----- Data -----

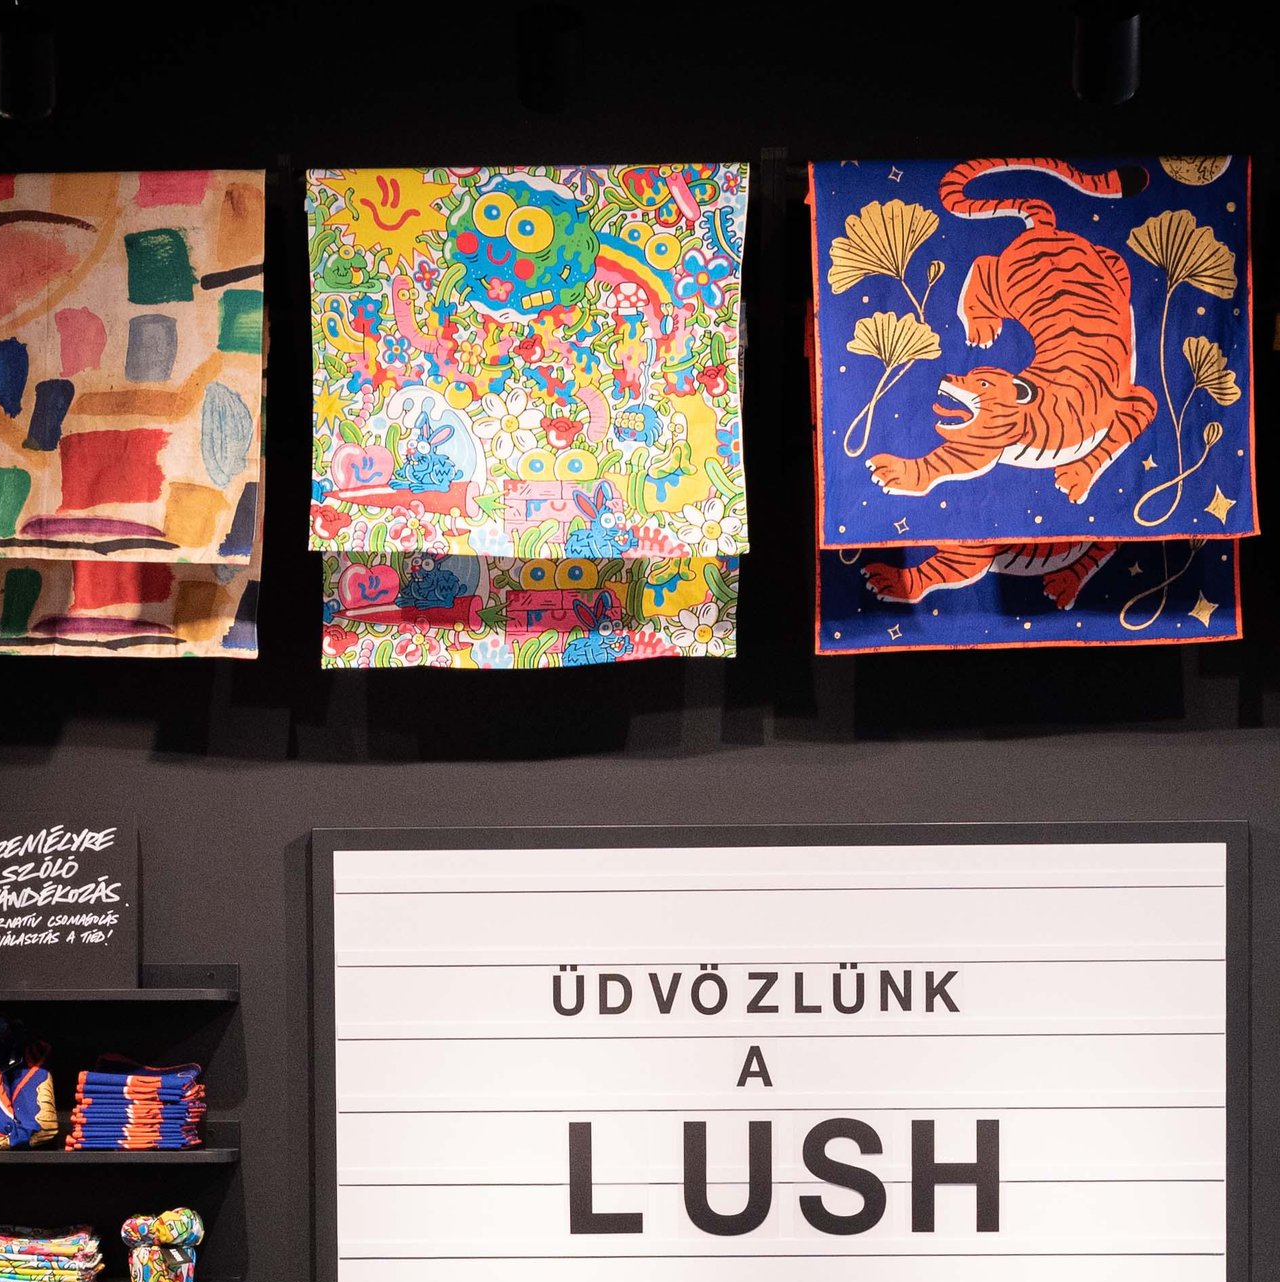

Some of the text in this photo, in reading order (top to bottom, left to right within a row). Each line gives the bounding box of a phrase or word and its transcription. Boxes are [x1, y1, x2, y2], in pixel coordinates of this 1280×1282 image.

[47, 910, 120, 927] CSOMAGOLÁS
[66, 931, 76, 944] A
[81, 928, 114, 946] TIÉD!
[551, 963, 961, 1016] ÜDVÖZLÜNK
[736, 1045, 774, 1088] A
[568, 1117, 1001, 1236] LUSH

-----

Work request: The response must repeat all the lines above exactly and include no pictures.

Problem solution:
Some of the text in this photo, in reading order (top to bottom, left to right within a row). Each line gives the bounding box of a phrase or word and its transcription. Boxes are [x1, y1, x2, y2], in pixel coordinates of this 1280×1282 image.

[47, 910, 120, 927] CSOMAGOLÁS
[66, 931, 76, 944] A
[81, 928, 114, 946] TIÉD!
[551, 963, 961, 1016] ÜDVÖZLÜNK
[736, 1045, 774, 1088] A
[568, 1117, 1001, 1236] LUSH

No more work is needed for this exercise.